Et ça ne posait pas de problème pour Louis.
Plus tard – Louis s’en souvient en souriant-, ils « montèrent » à Paris, faisant un arrêt de nuit à Lyon dans un hôtel borgne où le veilleur de nuit, ou peut-être un client, on ne pouvait savoir,  vint tambouriner à leur porte à une heure avancée pour leur intimer l’ordre d’être moins bruyants dans leurs ébats !
Il a bien dû dire « sales pédés » croit-il se rappeler.
Un jour, avec une froide détermination,  David décida que le temps des amours homosexuelles était révolu.
C’était irrévocable.
Il se maria, fit une brillante carrière et deux enfants.

David et Louis se revoient de temps à autre ; David aime toujours passionnément la "Pathétique" ; il ne veut plus parler cependant de "ces choses-là".
Quand un silence s'installe, ces "choses-là" planent dans leur ciel.


(à suivre)


Syl./Gay Cultes




* Le film de Ken Russel "Music Lovers", biographie un tantinet psychédélique de Tchaïkovski, a pour titre français "La symphonie pathétique".
En fouillant un peu dans Gay Cultes, on l'y trouvera chroniqué.

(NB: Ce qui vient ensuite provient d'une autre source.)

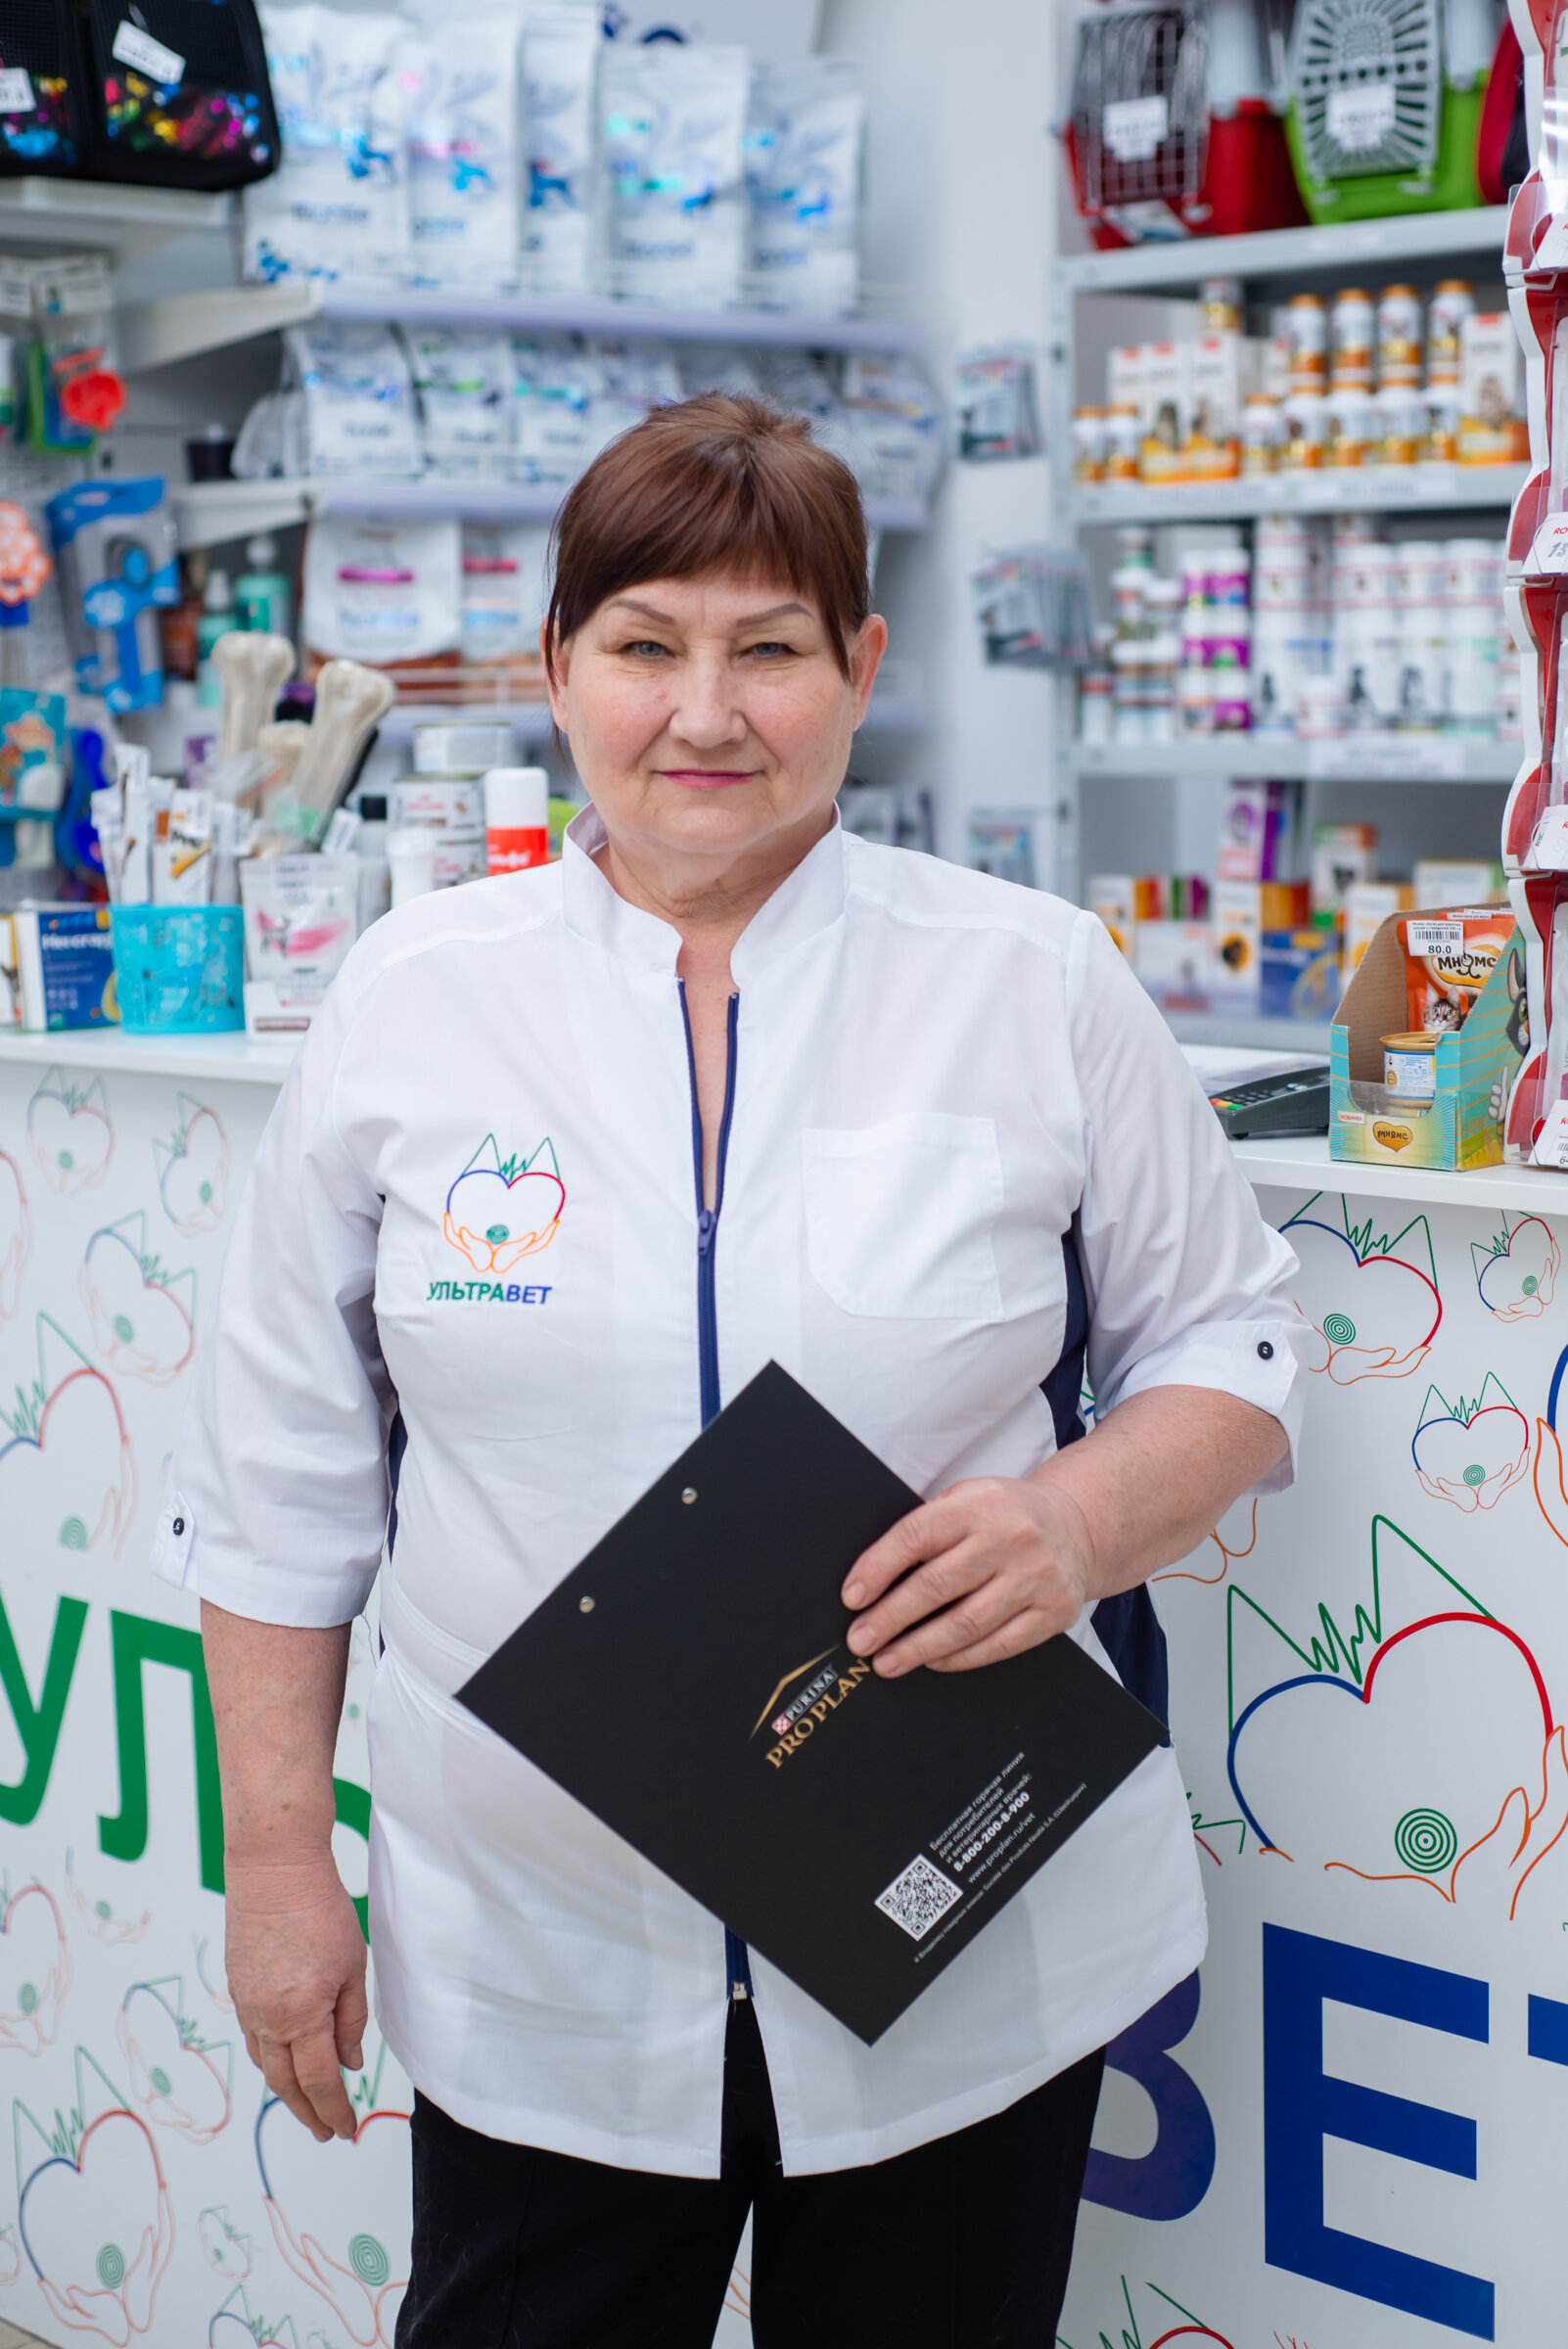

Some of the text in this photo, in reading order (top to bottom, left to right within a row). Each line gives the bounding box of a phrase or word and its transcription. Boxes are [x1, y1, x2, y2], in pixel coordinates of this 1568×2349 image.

...une franche camaraderie ponctuée de joutes charnelles...

3 commentaires:

Kynseker a dit…

Heureusement que tous les garçons qui ont croisé la route de Louis ne se sont pas tous assumés par la suite, parce que sinon il n'y aurait plus resté que des laiderons pour les demoiselles !

Syl./Gay Cultes a dit…

"J'aime", comme on dit sur facebook.

blueboy a dit…

une histoire sympa et au moins tout était dit dès le départ, certains n'ont pas cette franchise.